Rebelión del sector eólico contra un decreto del Ministerio de Industria

Seis empresas culpan al Gobierno de amenazar 1.400 millones de inversión

Las empresas adjudicatarias del Plan Eólico Valenciano salieron ayer en tromba a criticar el real decreto ley aprobado el pasado 30 de abril en Consejo de Ministros donde se aborda el déficit eléctrico. El artículo 4 de esta norma ha puesto patas arriba los apoyos públicos a la generación de energía eólica y amenaza 1.400 millones de euros de inversión y los objetivos de la mitad del plan valenciano.

Ayer, empresarios de las compañías adjudicatarias de Plan Eólico Valenciano -Renomar, Acciona, Proyectos Eólicos de la Comunitat Valenciana, Eyra, Enerfin o Eólica de Levante- se entrevistaron con el consejero valenciano de Infraestructuras, Mario Flores, para protestar por la nueva reglamentación (que tendrá que convalidar el Congreso de los Diputados). "Llevamos 1.000 millones de euros invertidos en instalaciones radicadas en la Comunidad Valenciana y de la noche a la mañana y sin diálogo ninguno, nos cambian las reglas del juego", dijo el presidente de Renomar, Fernando Roig.

El polémico real decreto da un plazo de 30 días para que las empresas generadoras de energía eólica se preinscriban en un registro del Ministerio de Industria si quieren optar a las primas ahora en vigor. Las que no lo hagan quedan "en el limbo", dado que el ministerio anuncia un nuevo régimen económico para las que no lleguen, pero no explica en qué consiste. Las condiciones para registrarse en el censo de Industria son exigentes. Por ejemplo, los proyectos deben contar con el 50% del coste económico del proyecto -unos 25 millones de euros de media- o tener asegurado el suministro del 50% de los equipamientos necesarios, etcétera.

Según las previsiones del consejero Flores, con este giro en su política, el ministro Miguel Sebastián pone en peligro la aerogeneración de más de 1.100 megavatios en la Comunidad Valenciana, es decir, la mitad del objetivo previsto por el Plan Eólico Valenciano para 2010. En tono claramente catastrofista, el consejero cifró en 2.000 los empleos que podrían destruirse si la norma sale adelante.
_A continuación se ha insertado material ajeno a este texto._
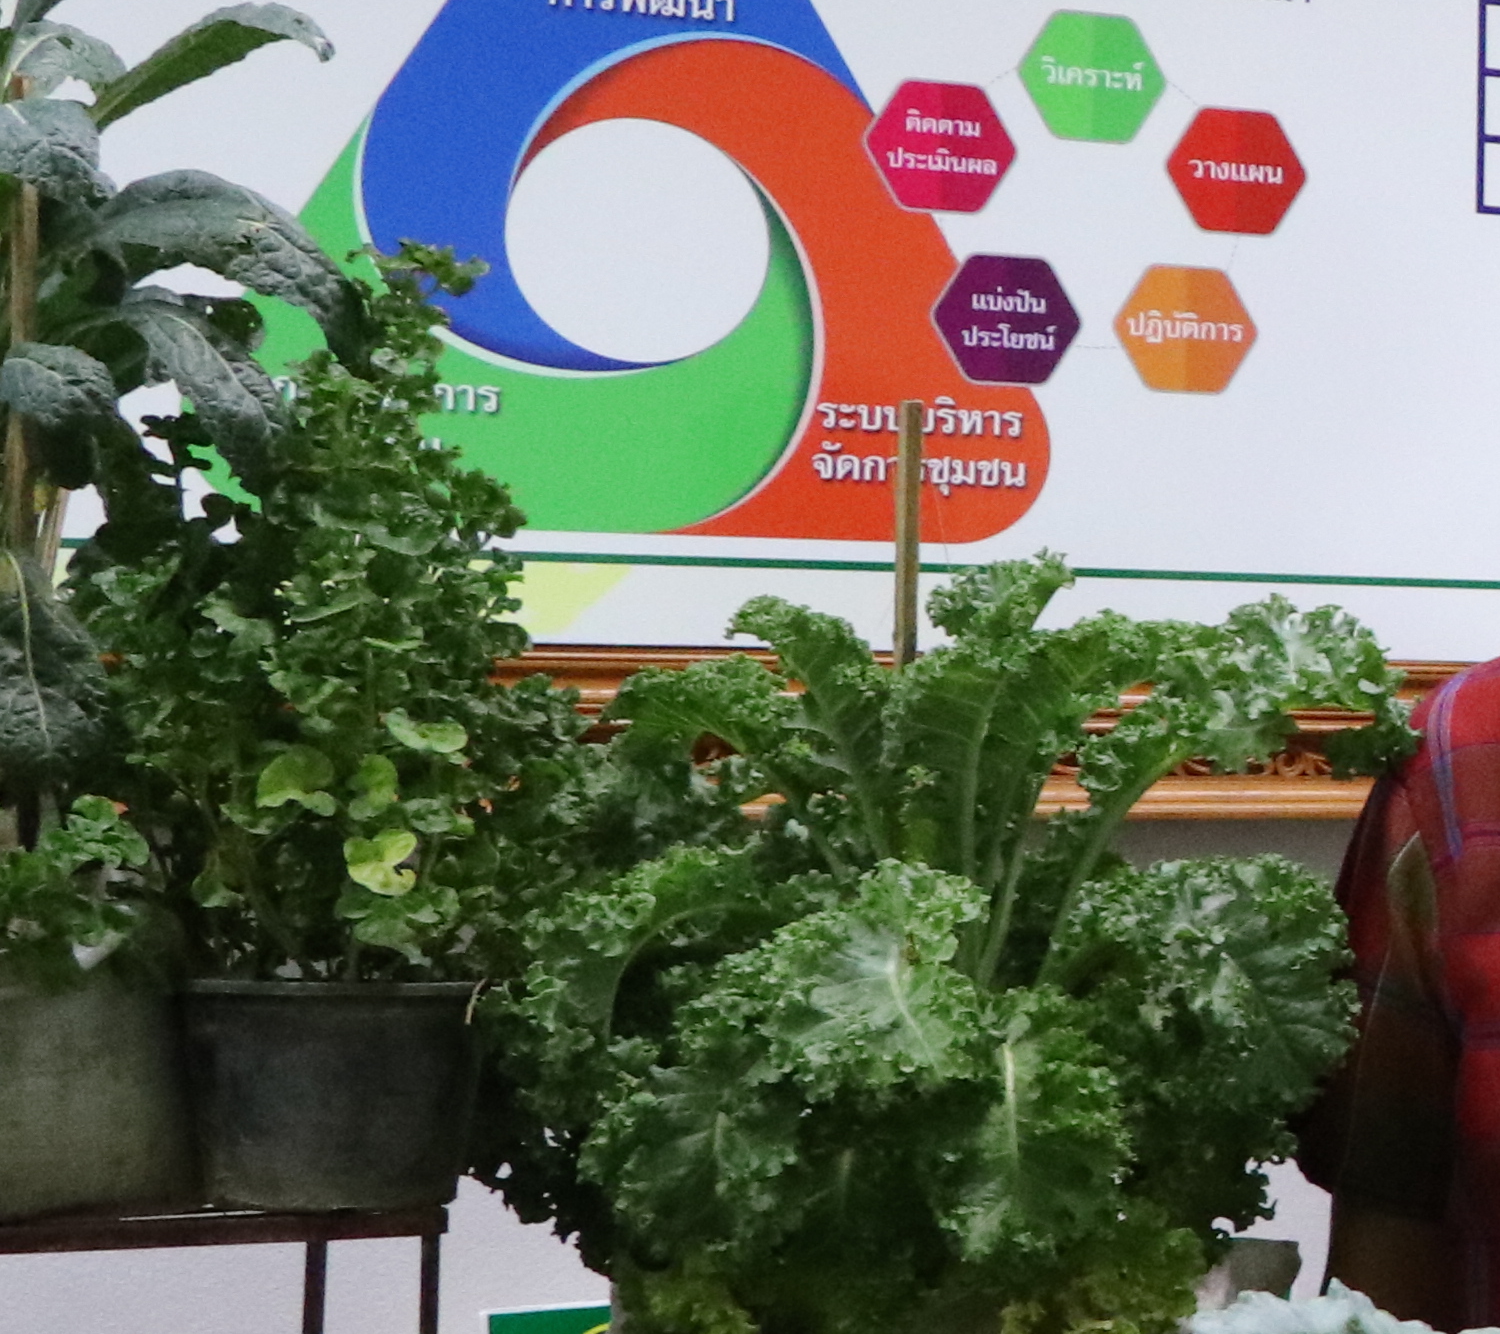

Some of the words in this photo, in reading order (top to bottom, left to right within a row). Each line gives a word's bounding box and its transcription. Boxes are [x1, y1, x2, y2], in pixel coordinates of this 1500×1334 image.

[905, 108, 981, 139] ติดตาม
[886, 147, 998, 177] ประเมินผล
[1188, 157, 1284, 185] วางแผน
[971, 285, 1047, 315] แบ่งปัน
[961, 323, 1058, 352] ประโยชน์
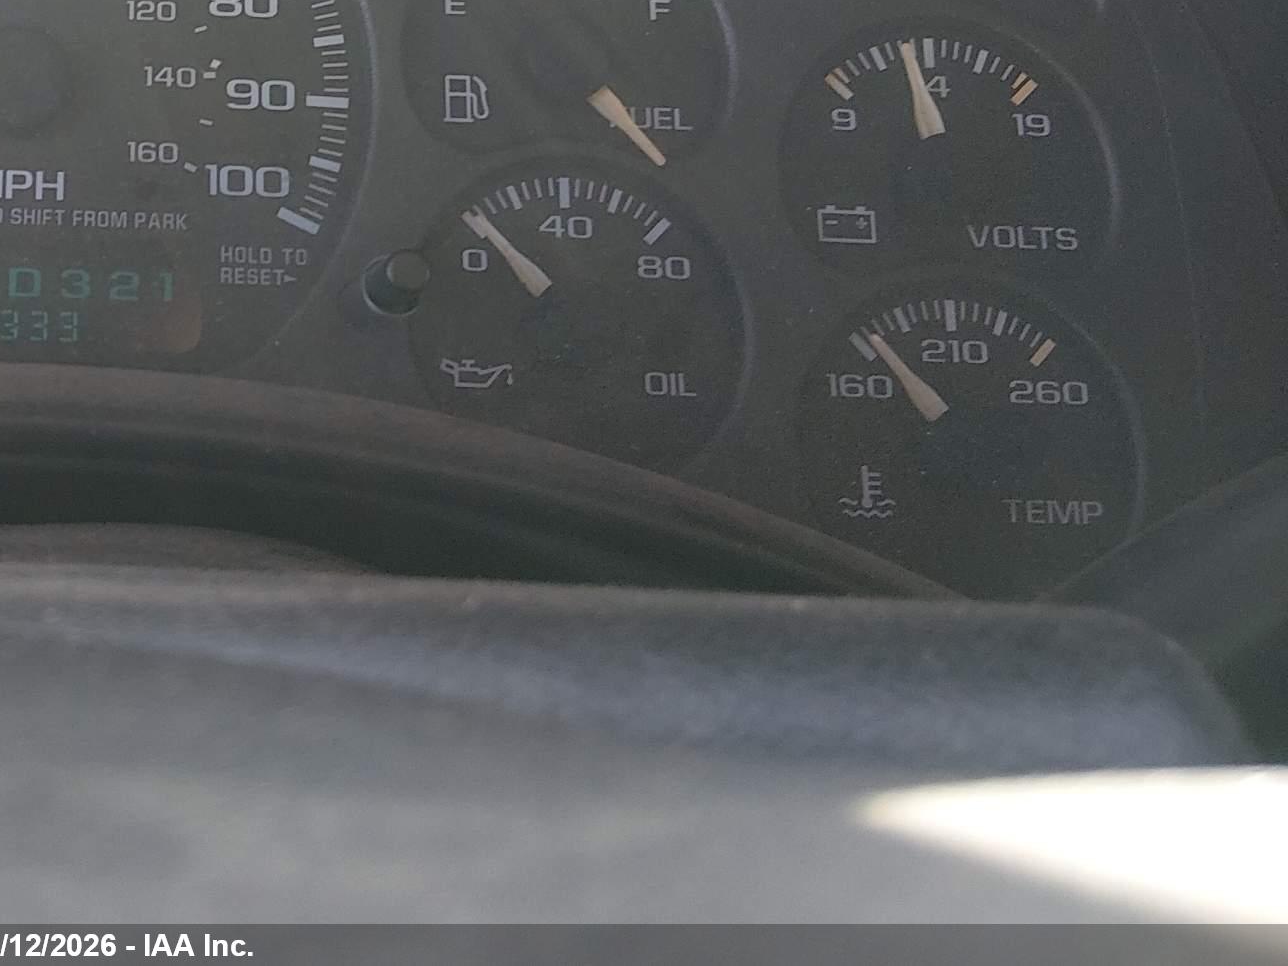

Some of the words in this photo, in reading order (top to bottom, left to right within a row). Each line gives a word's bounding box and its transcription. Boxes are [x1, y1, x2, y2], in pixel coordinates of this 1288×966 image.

[126, 0, 177, 21] 120
[649, 0, 672, 20] F
[144, 66, 197, 87] 140
[225, 79, 295, 110] 90
[610, 107, 694, 130] UEL
[831, 109, 857, 131] 9
[1012, 114, 1051, 136] 19
[127, 142, 179, 164] 160
[207, 164, 289, 197] 100
[11, 208, 65, 226] SHIFT
[72, 209, 127, 229] FROM
[134, 211, 188, 230] PARK
[539, 217, 592, 238] 40
[967, 224, 1079, 251] VOLTS
[220, 245, 272, 265] HOLD
[283, 247, 307, 266] TO
[462, 250, 487, 272] 0
[220, 267, 285, 286] RESET
[637, 256, 691, 280] 80
[8, 268, 42, 298] D
[60, 269, 90, 299] 3
[109, 271, 139, 301] 2
[153, 272, 173, 302] 1
[921, 340, 989, 364] 210
[645, 373, 696, 397] OIL
[827, 374, 894, 399] 160
[1009, 380, 1089, 406] 260
[1003, 499, 1104, 526] TEMP
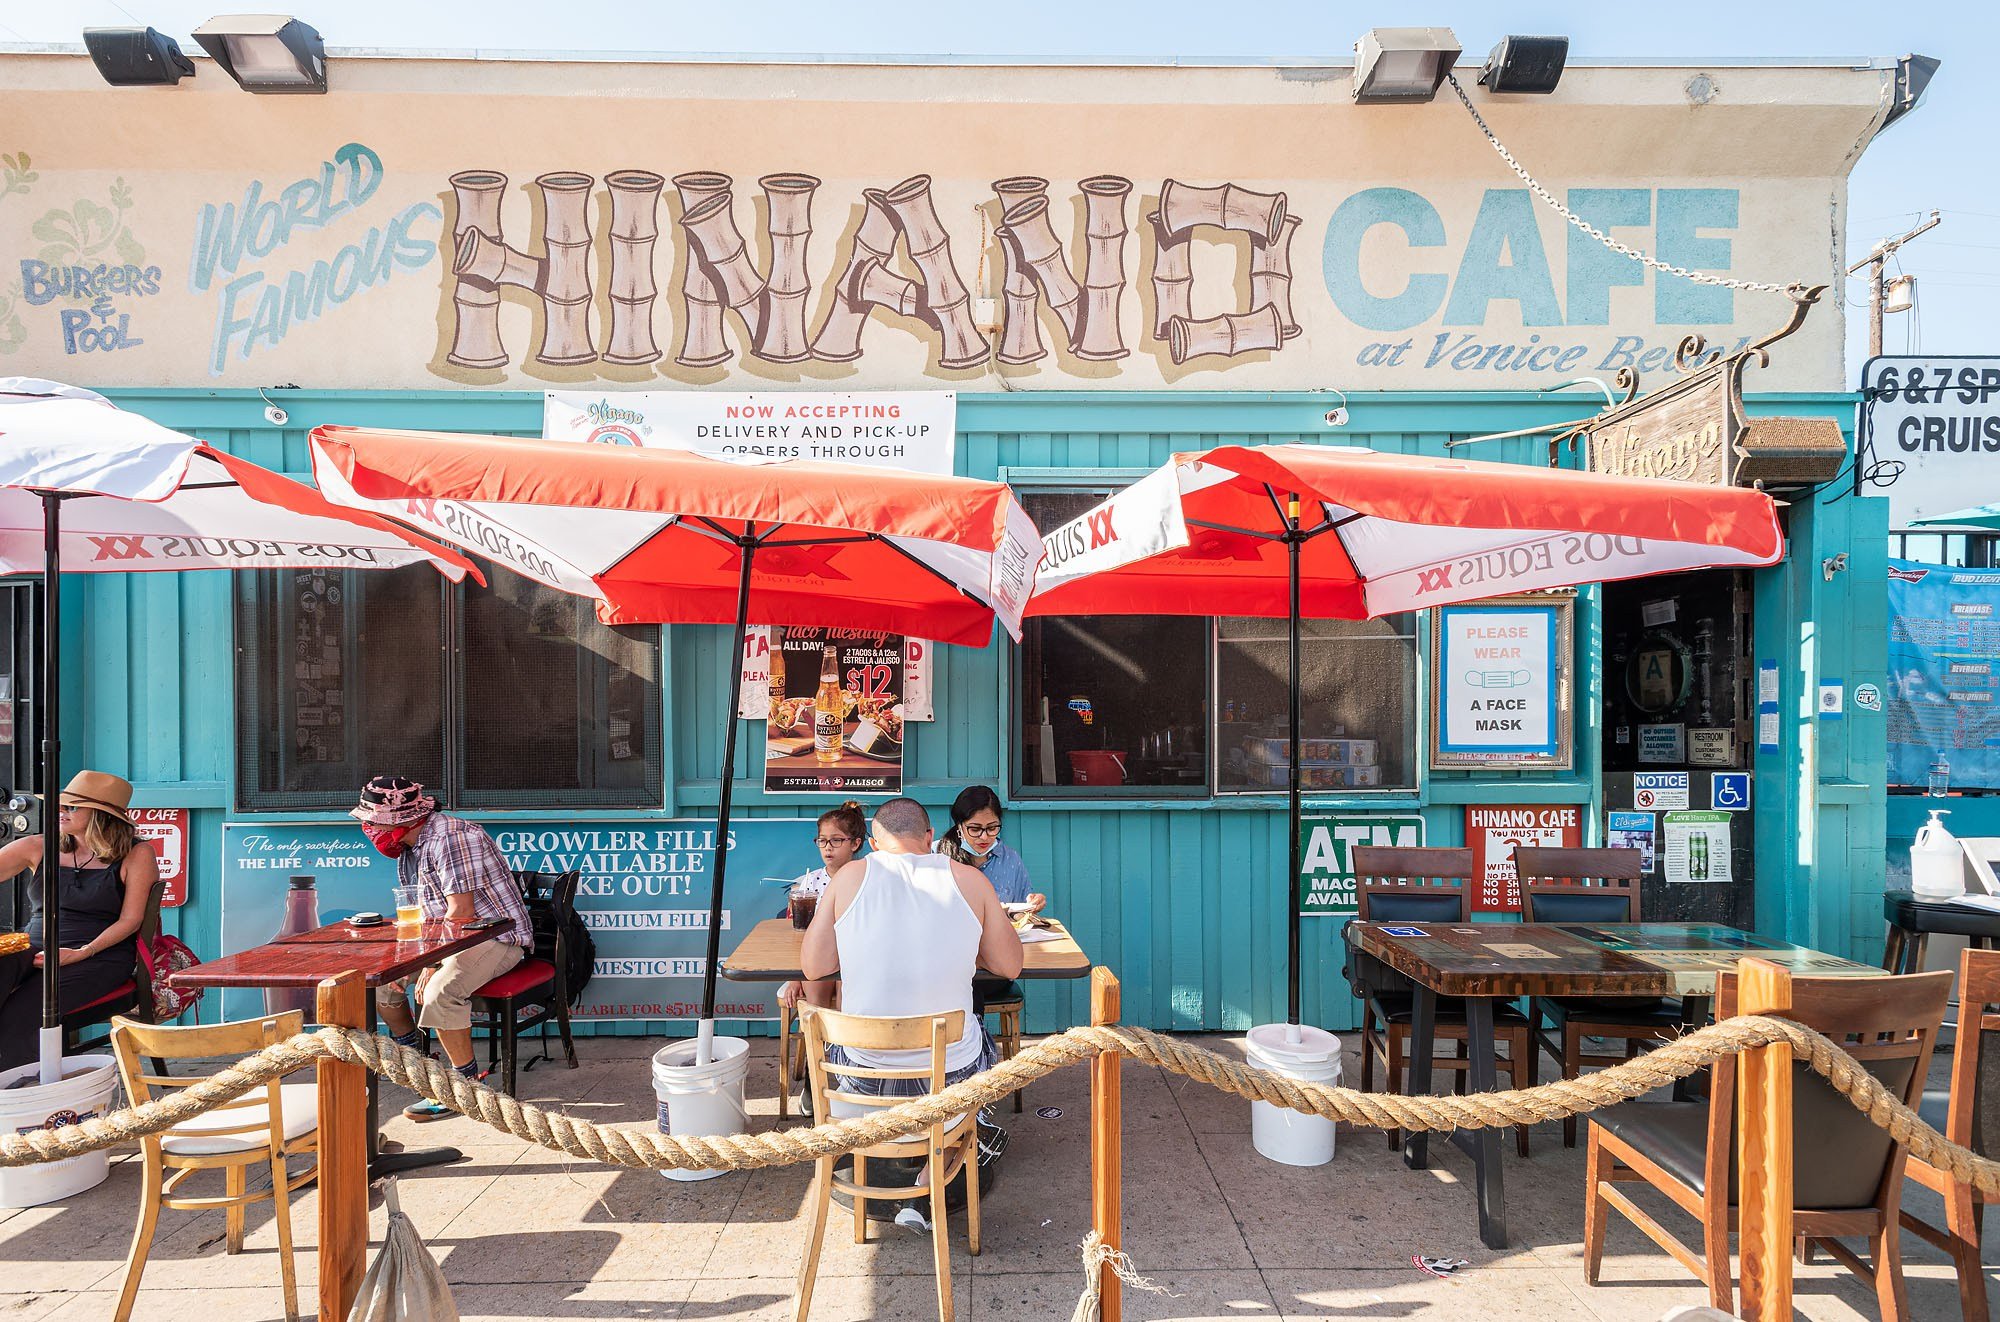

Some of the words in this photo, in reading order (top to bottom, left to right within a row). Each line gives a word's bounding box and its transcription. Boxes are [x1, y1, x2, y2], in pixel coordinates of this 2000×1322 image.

[189, 142, 384, 294] WORLD
[1322, 187, 1741, 332] CAFE
[446, 168, 1303, 370] HINANO
[209, 202, 443, 377] FAMOUS
[60, 308, 144, 355] POOL
[1356, 338, 1413, 367] at
[1424, 332, 1588, 373] Venice
[726, 406, 774, 418] NOW
[785, 405, 901, 418] ACCEPTING
[697, 425, 790, 438] DELIVERY
[801, 426, 842, 438] AND
[853, 425, 930, 438] PICK-UP
[810, 445, 904, 458] THROUGH
[1466, 627, 1528, 639] PLEASE
[783, 641, 799, 651] ALL
[802, 641, 824, 651] DAY!
[846, 648, 851, 656] 2
[852, 648, 872, 656] TACOS
[1474, 647, 1521, 659] WEAR
[843, 656, 873, 664] ESTRELLA
[846, 664, 892, 699] $12
[1470, 699, 1482, 711] A
[1486, 699, 1527, 710] FACE
[1475, 719, 1522, 731] MASK
[1695, 732, 1723, 741] RESTROOM
[1636, 776, 1687, 787] NOTICE
[146, 809, 179, 820] CAFE
[1471, 809, 1535, 828] HINANO
[1539, 809, 1576, 827] CAFE
[1510, 830, 1538, 838] MUST
[242, 835, 275, 854] The
[276, 839, 303, 857] only
[305, 839, 350, 854] sacrifice
[350, 840, 367, 850] in
[495, 831, 649, 852] GROWLER
[238, 858, 267, 869] THE
[270, 857, 302, 869] LIFE
[314, 856, 370, 868] ARTOIS
[538, 853, 704, 873] AVAILABLE
[621, 875, 691, 896] OUT!
[1483, 897, 1498, 905] NO
[672, 960, 726, 975] FILS
[632, 1004, 661, 1016] FOR
[684, 1004, 765, 1017] PUCHASE
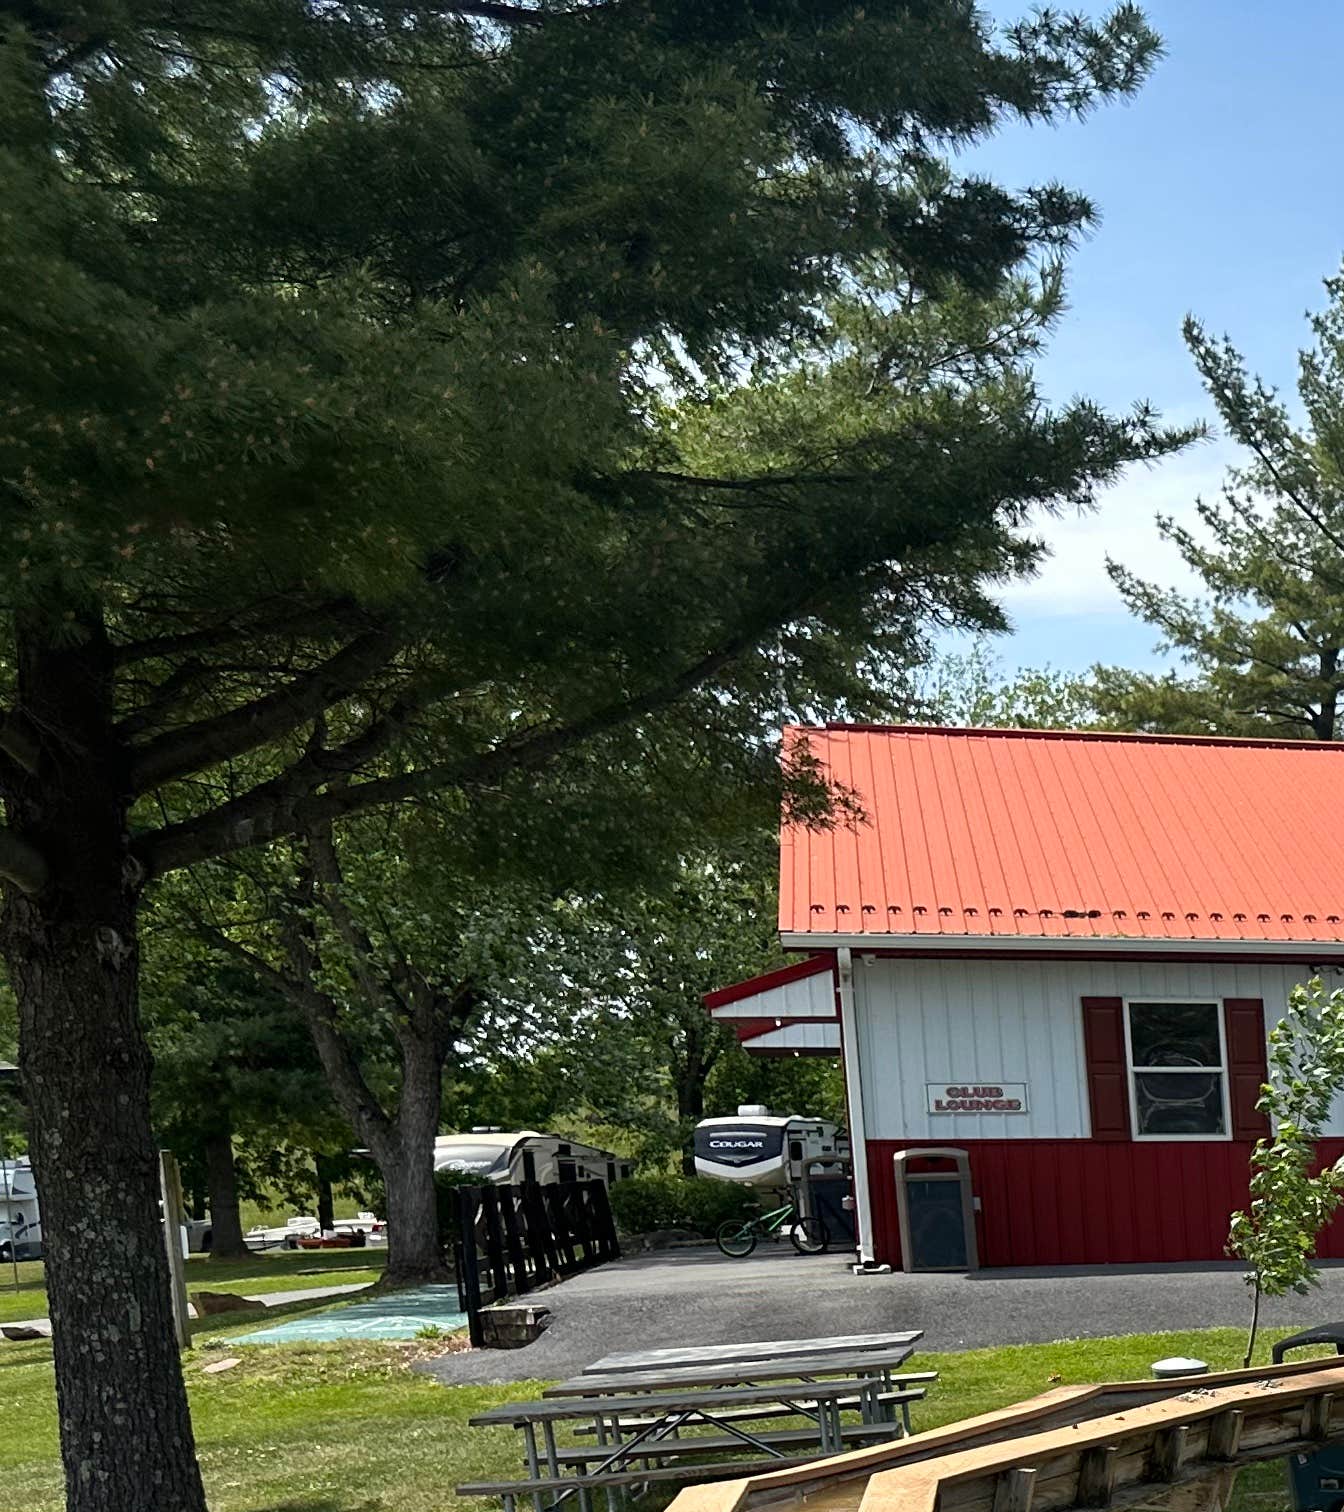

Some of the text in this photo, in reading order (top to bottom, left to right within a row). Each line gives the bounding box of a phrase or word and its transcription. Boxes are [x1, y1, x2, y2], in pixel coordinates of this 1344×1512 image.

[946, 1087, 1004, 1099] CLUB
[935, 1099, 1022, 1111] LOUNGE
[709, 1140, 763, 1149] COUGAR
Fuentes del sector temen que Industria actúe igual que lo hizo en su día con la generación de energía solar y establezca cuotas en la producción. "El Ministerio de Industria toma el control en la planificación de las energías renovables y creo que lo hace para frenar su desarrollo", dijo Flores sin más rodeos.

El objetivo de Camps no se cumple

El nuevo real decreto pilla al sector con más de la mitad del Plan Eólico Valenciano pendiente. El presidente de la Generalitat, Francisco Camps, prometió en las Cortes en febrero de 2006 que en "tres o cuatro años", es decir, antes de febrero de 2010, estarían instalados todos los aerogeneradores -67 parques repartidos en 15 zonas diferentes-.

El plan no se está ejecutando a la velocidad anunciada por el presidente. Hace un año aproximadamente se habían completado tres de las 15 zonas en que está dividido el plan. Hace apenas cuatro meses entraron en fase de prueba dos nuevos parques eólicos -La Solana y Rincón de Cabello- en Ayora, los primeros en la provincia de Valencia, y ahora estaban pendientes de salir adelante nuevas instalaciones en Castellón, según adelantó el consejero Flores.

Según el director general de Energía, Antonio Cejalvo, unos 20 o 30 parques estarían en peligro con el nuevo decreto.

Desde su puesta en marcha, en 2001, el Plan Eólico ha estado rodeado de polémica. Los ecologistas han denunciado el troceo de hasta 22 parques -para que las empresas pudieran beneficiarse de las primas previstas para las energías renovables. También han llevado ante la Unión Europea quejas por la ubicación de algunas de estas instalaciones en zonas de gran valor ecológico.

* Este artículo apareció en la edición impresa del lunes, 11 de mayo de 2009.